WORK INSTRUCTIONS —
Write out exactly, and only, the lines from the one containing "this 2560×1198 image." through the last line of the listing below.
SUPPLIED RECORDS Block Start
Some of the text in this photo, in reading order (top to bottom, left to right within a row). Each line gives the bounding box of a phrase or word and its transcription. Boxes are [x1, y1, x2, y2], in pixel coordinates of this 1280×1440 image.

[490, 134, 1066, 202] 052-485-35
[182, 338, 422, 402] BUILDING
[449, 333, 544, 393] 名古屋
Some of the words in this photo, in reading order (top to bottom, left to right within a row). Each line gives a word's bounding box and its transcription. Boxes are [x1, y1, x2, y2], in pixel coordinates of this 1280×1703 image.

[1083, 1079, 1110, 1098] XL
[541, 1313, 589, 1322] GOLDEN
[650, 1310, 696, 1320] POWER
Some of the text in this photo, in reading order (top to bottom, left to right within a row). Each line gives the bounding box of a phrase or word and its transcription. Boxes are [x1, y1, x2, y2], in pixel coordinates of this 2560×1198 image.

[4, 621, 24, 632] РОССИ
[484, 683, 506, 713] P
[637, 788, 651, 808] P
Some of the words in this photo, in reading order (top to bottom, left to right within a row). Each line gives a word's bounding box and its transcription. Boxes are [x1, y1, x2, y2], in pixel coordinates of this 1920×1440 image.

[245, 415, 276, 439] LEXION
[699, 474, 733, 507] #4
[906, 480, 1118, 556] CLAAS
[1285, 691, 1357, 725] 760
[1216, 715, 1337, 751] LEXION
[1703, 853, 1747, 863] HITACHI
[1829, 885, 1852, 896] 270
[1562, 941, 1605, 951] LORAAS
SUPPLIED RECORDS Block End
PROBLEM SOLUTION —
Some of the text in this photo, in reading order (top to bottom, left to right within a row). Each line gives the bounding box of a phrase or word and its transcription. Boxes are [x1, y1, x2, y2], in pixel coordinates of this 2560×1198 image.

[4, 621, 24, 632] РОССИ
[484, 683, 506, 713] P
[637, 788, 651, 808] P
Some of the words in this photo, in reading order (top to bottom, left to right within a row). Each line gives a word's bounding box and its transcription. Boxes are [x1, y1, x2, y2], in pixel coordinates of this 1920×1440 image.

[245, 415, 276, 439] LEXION
[699, 474, 733, 507] #4
[906, 480, 1118, 556] CLAAS
[1285, 691, 1357, 725] 760
[1216, 715, 1337, 751] LEXION
[1703, 853, 1747, 863] HITACHI
[1829, 885, 1852, 896] 270
[1562, 941, 1605, 951] LORAAS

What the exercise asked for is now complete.